Seção IV - Proteção de Vítimas e Testemunhas Ameaçadas (Arts. 222 a 229) - Código de Normas - Poder Judiciário de Santa Catarina
Seção IV - Proteção de Vítimas e Testemunhas Ameaçadas
Art. 222. Nos processos em que ocorra a protocolização de pedido de proteção de vítimas e testemunhas coagidas ou expostas a grave ameaça em razão de colaborarem com investigação ou processo criminal, os autos seguirão para imediata conclusão, a fim de que o juiz decida a respeito da conveniência do encaminhamento da pessoa ao Programa Estadual de Proteção, Auxílio e Assistência a Vítimas da Violência e a Testemunhas Ameaçadas em Santa Catarina (PROTEGE/SC), preservado sempre o sigilo, com inserção de tarja.
Parágrafo único. A inclusão de pessoa no programa de proteção e sua exclusão dele são atribuições do conselho deliberativo do PROTEGE/SC, e devem ser precedidas de comunicação ao Ministério Público, à autoridade administrativa ou policial e ao juiz competente.

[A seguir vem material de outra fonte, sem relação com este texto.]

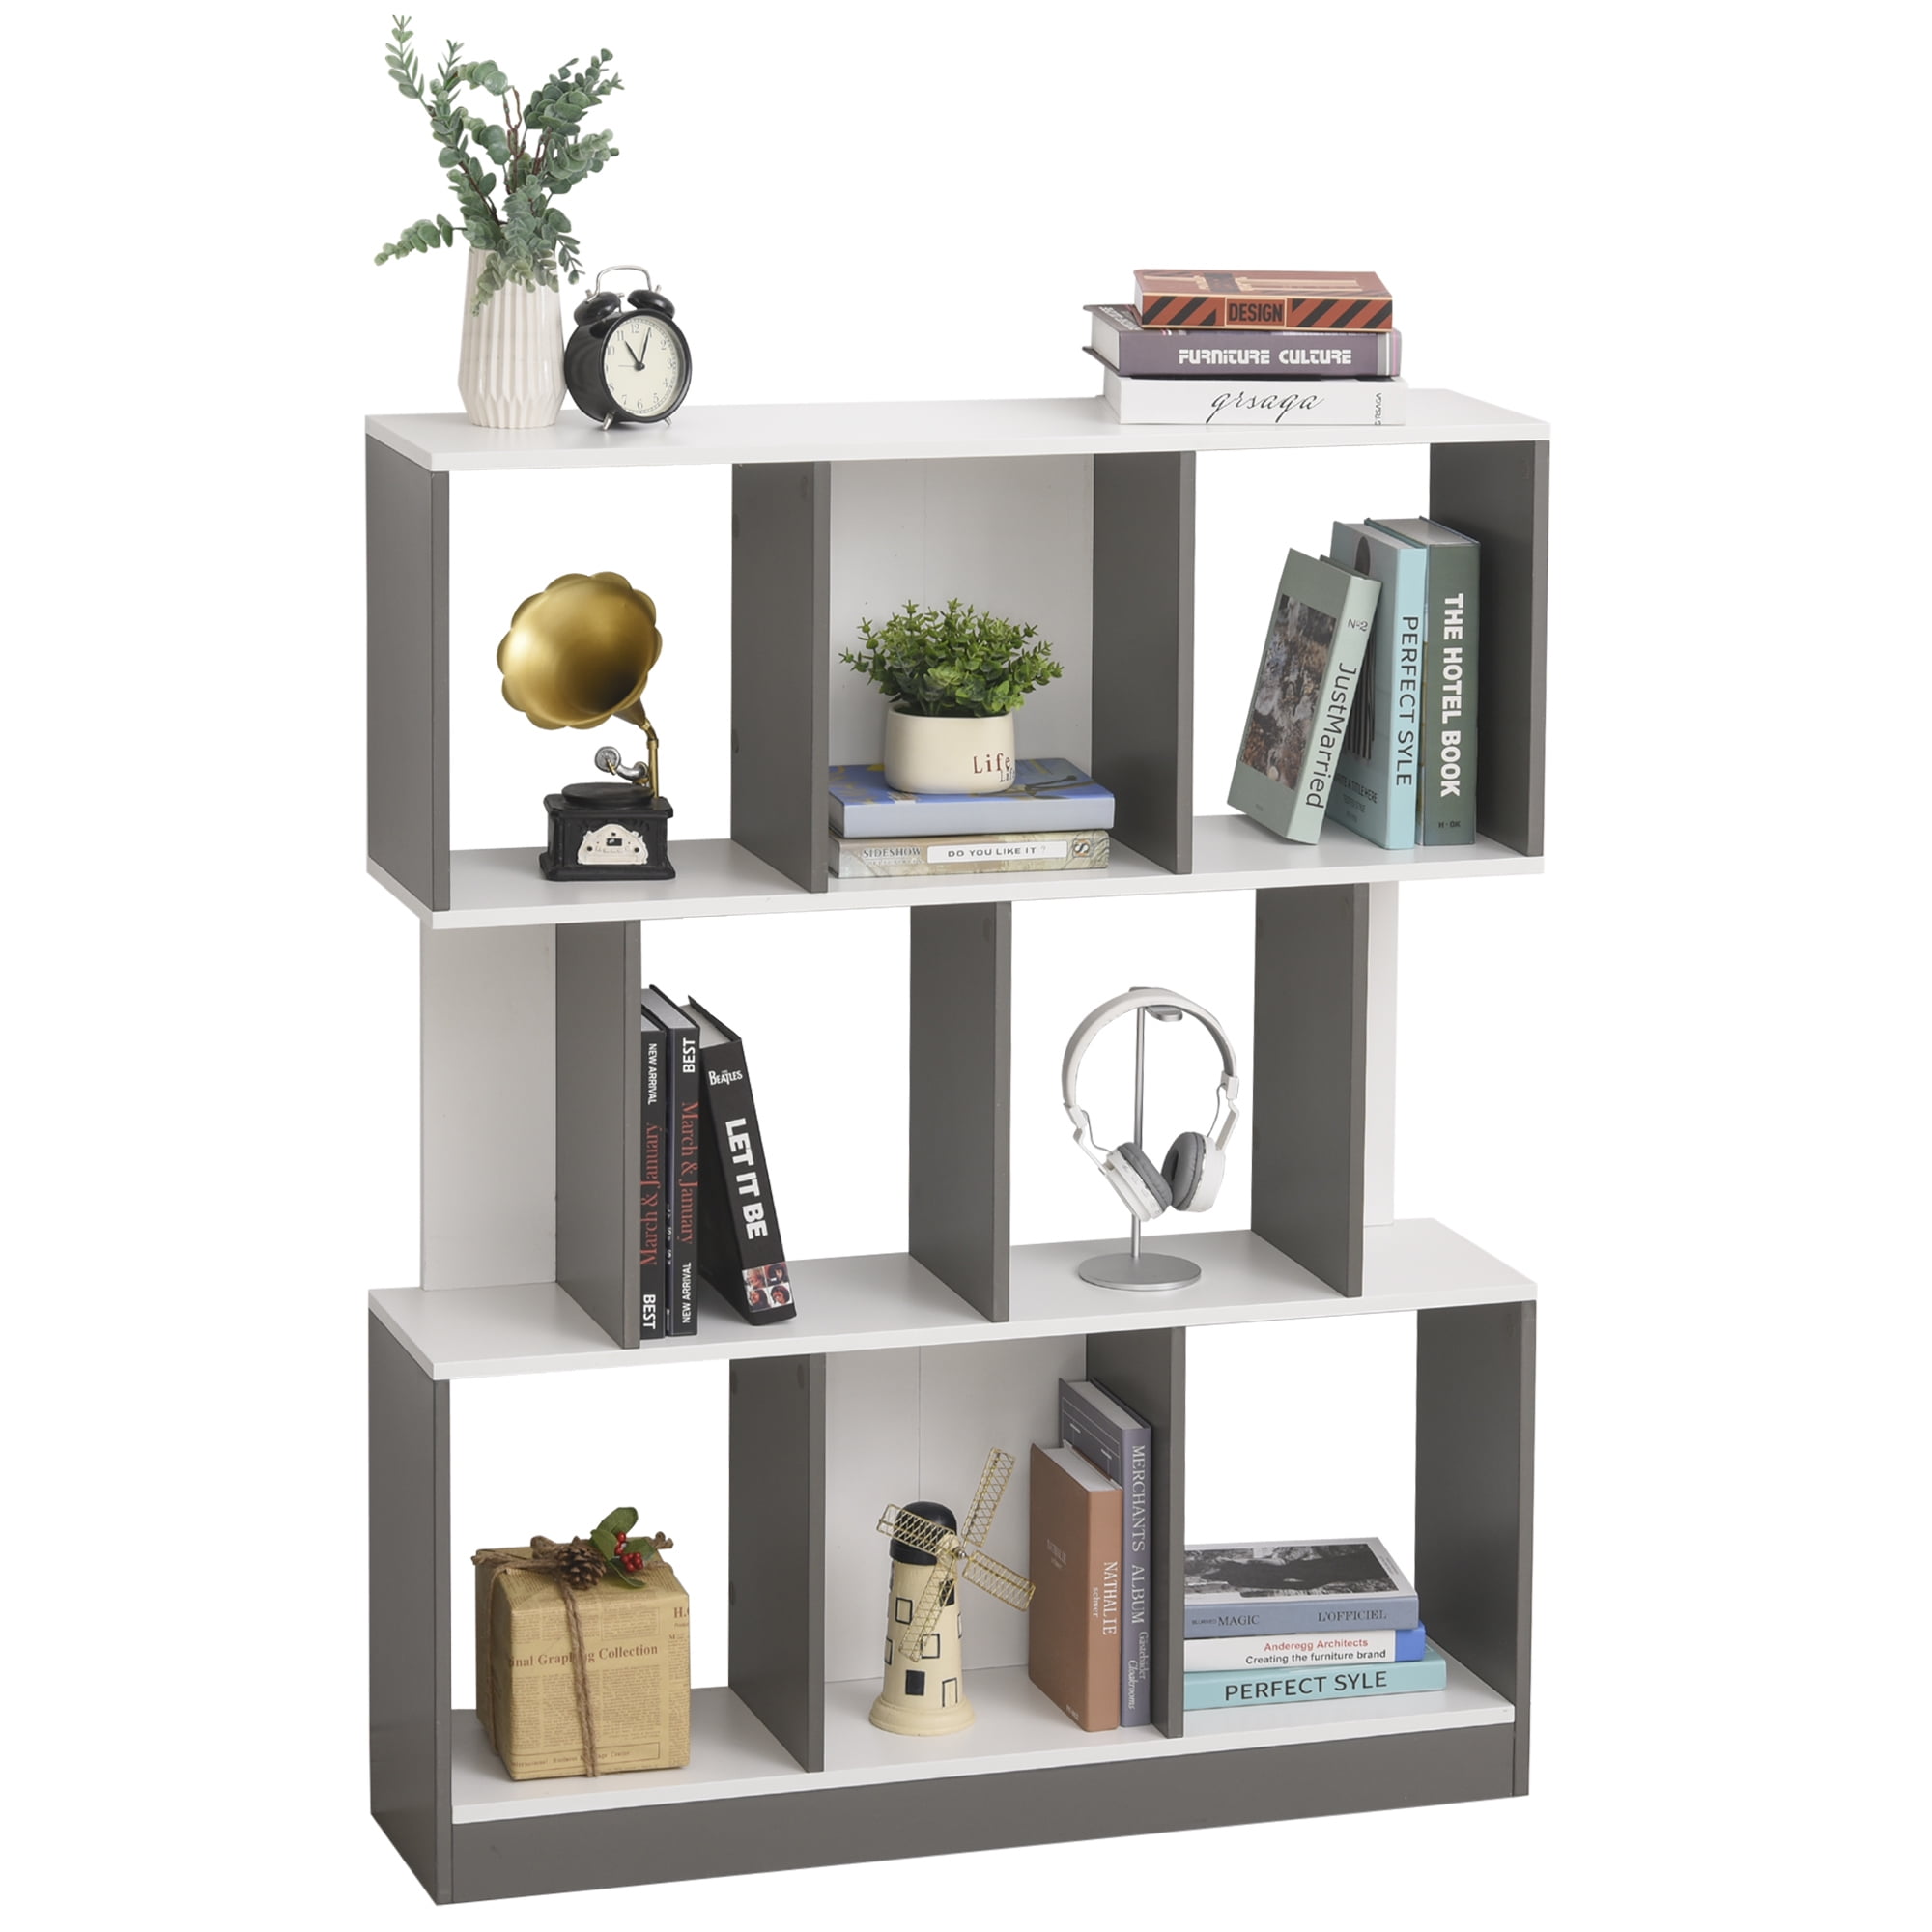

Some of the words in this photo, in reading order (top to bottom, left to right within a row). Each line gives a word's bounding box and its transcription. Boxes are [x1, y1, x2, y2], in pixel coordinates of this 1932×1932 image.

[1228, 303, 1283, 322] DESIGN
[616, 330, 624, 341] 11
[631, 324, 639, 334] 12
[1178, 348, 1271, 365] FURNITURE
[1278, 348, 1353, 365] CULTURE
[1443, 592, 1464, 640] THE
[1398, 615, 1419, 722] PERFECT
[1441, 647, 1463, 724] HOTEL
[973, 753, 1011, 774] Life
[1396, 729, 1414, 786] SYLE
[1440, 730, 1462, 798] BOOK
[863, 847, 921, 858] SIDESHOW
[996, 847, 1021, 856] LIKE
[1025, 846, 1037, 855] IT
[647, 1043, 658, 1065] NEW
[682, 1037, 696, 1073] BEST
[647, 1065, 658, 1106] ARRIVAL
[681, 1101, 699, 1157] March
[725, 1118, 755, 1167] LET
[640, 1122, 663, 1189] January
[681, 1161, 698, 1176] &
[641, 1193, 658, 1207] &
[735, 1172, 761, 1198] IT
[677, 1179, 699, 1245] January
[742, 1202, 769, 1240] BE
[640, 1208, 658, 1265] March
[682, 1262, 692, 1300] ARRIVAL
[642, 1293, 657, 1330] BEST
[682, 1301, 692, 1324] NEW
[1131, 1444, 1147, 1552] MERCHANTS
[1131, 1565, 1146, 1625] ALBUM
[1217, 1614, 1260, 1627] MAGIC
[1317, 1608, 1387, 1623] L'OFFICIEL
[599, 1643, 658, 1660] Collection
[1245, 1654, 1289, 1664] Creating
[1292, 1653, 1308, 1662] the
[1310, 1652, 1354, 1662] furniture
[1356, 1650, 1386, 1660] brand
[1264, 1641, 1314, 1651] Anderegg
[1317, 1639, 1369, 1649] Architects
[1225, 1675, 1327, 1701] PERFECT
[1334, 1671, 1387, 1691] SYLE
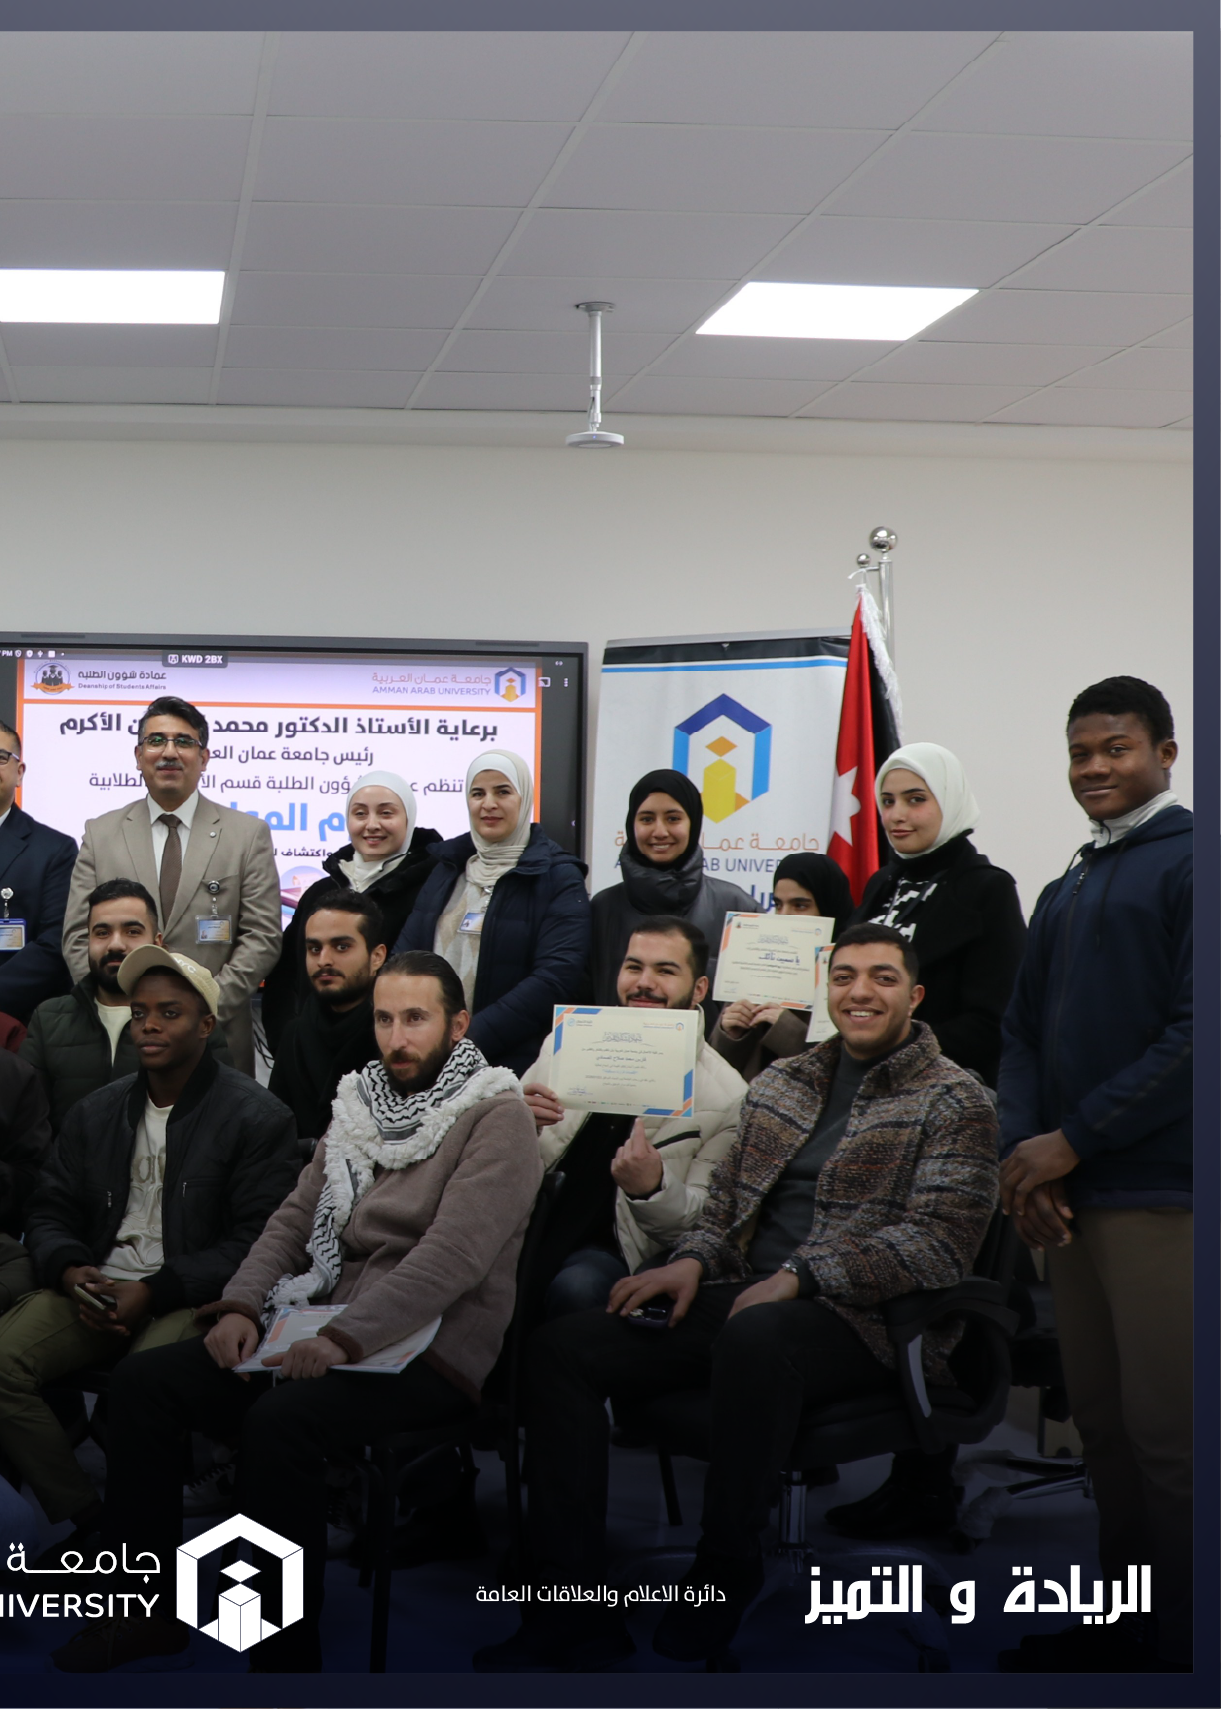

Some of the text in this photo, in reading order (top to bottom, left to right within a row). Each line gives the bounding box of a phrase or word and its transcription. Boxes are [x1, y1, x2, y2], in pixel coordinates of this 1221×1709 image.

[181, 654, 223, 665] KWD 2BX
[139, 670, 167, 680] عمادة
[371, 672, 492, 687] جامعة عمان العربية
[372, 686, 492, 696] AMMAN ARAB UNIVERSITY
[59, 711, 122, 735] الأكرم
[212, 718, 270, 733] محمد
[275, 716, 348, 738] الدكتور
[354, 716, 430, 735] الأستاذ
[435, 718, 498, 742] برعاية
[238, 746, 278, 764] عمان
[280, 747, 330, 765] جامعة
[333, 747, 374, 767] رئيس
[89, 772, 145, 791] لطلابية
[220, 776, 262, 793] قسم
[267, 775, 315, 794] الطلبة
[319, 774, 363, 795] ؤون
[422, 778, 464, 796] تنظم
[701, 831, 745, 852] عما

Art. 223. Terão prioridade na tramitação o procedimento investigatório e o processo criminal em que figure, como indiciado, acusado, vítima, testemunha ou réu, pessoa incluída em programa de proteção.
Parágrafo único. Os dados pessoais da vítima ou testemunha ameaçada não constarão dos termos de depoimento e permanecerão no cadastro do sistema, sob sigilo.
Art. 224. O acesso aos dados de vítimas ou testemunhas fica garantido ao Ministério Público e ao defensor do réu, e cabe ao magistrado atribuir a permissão expressa no sistema, vedada a reprodução dos documentos, sob as penas da legislação.
Art. 225. O mandado de intimação de vítimas ou testemunhas ameaçadas será expedido de forma individualizada, de modo que impeça a visualização dos seus dados pessoais.
Parágrafo único. O juiz poderá indicar oficial de justiça para cumprir esse tipo de mandado, independentemente da zona a que estiver vinculado, vedada sua distribuição pelas centrais de mandados compartilhadas.
Art. 226. O oficial de justiça, após o cumprimento do mandado, certificará o resultado da diligência no sistema informatizado, sem identificação de dados pessoais da vítima ou testemunha ameaçada.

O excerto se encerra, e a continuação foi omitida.